Dataset entries: Begin

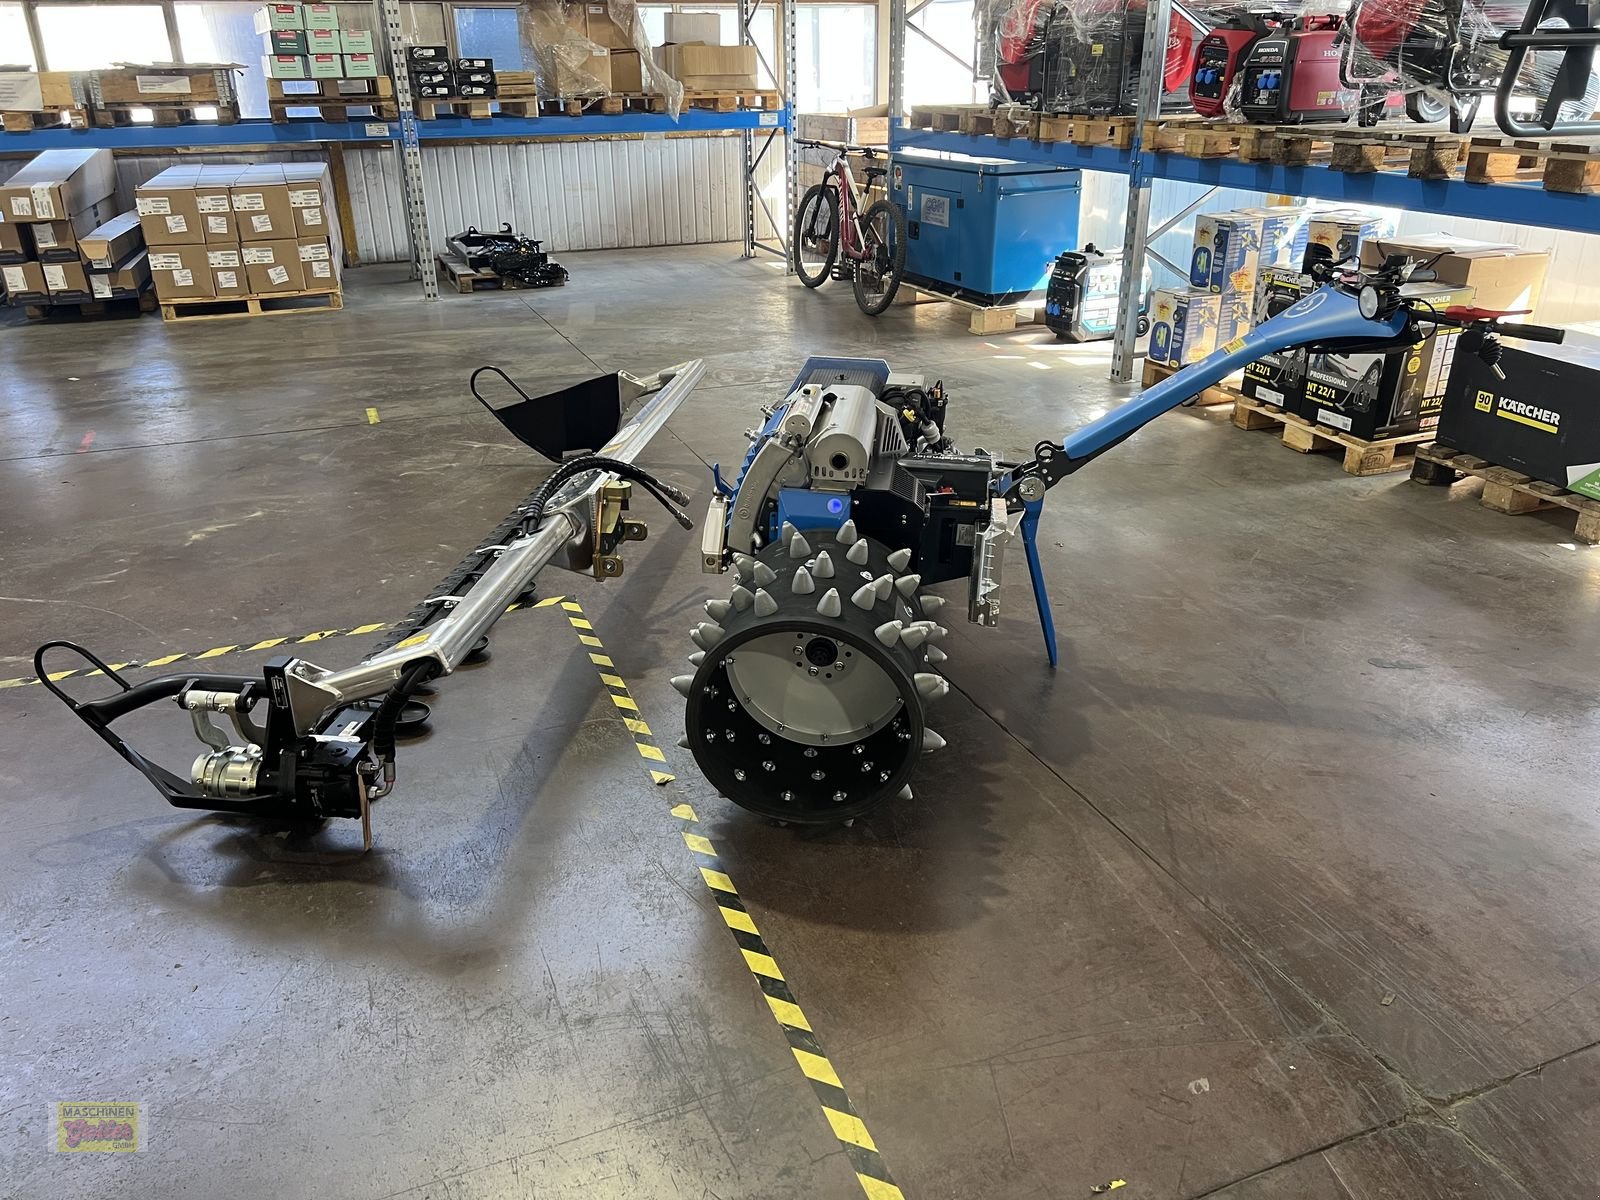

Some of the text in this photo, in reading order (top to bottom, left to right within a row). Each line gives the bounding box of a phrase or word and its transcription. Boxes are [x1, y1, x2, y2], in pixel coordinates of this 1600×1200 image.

[1255, 363, 1271, 376] 22/1
[1309, 370, 1348, 388] PROFESSIONAL
[1306, 381, 1318, 393] NT
[1317, 385, 1336, 399] 22/1
[1420, 398, 1432, 408] NT
[1478, 393, 1561, 426] 90 KÄRCHER

Dataset entries: End

[Task goal]: Every entry above has to be repeated exactly, apart from its pictures.

[Expected answer]:
Some of the text in this photo, in reading order (top to bottom, left to right within a row). Each line gives the bounding box of a phrase or word and its transcription. Boxes are [x1, y1, x2, y2], in pixel coordinates of this 1600×1200 image.

[1255, 363, 1271, 376] 22/1
[1309, 370, 1348, 388] PROFESSIONAL
[1306, 381, 1318, 393] NT
[1317, 385, 1336, 399] 22/1
[1420, 398, 1432, 408] NT
[1478, 393, 1561, 426] 90 KÄRCHER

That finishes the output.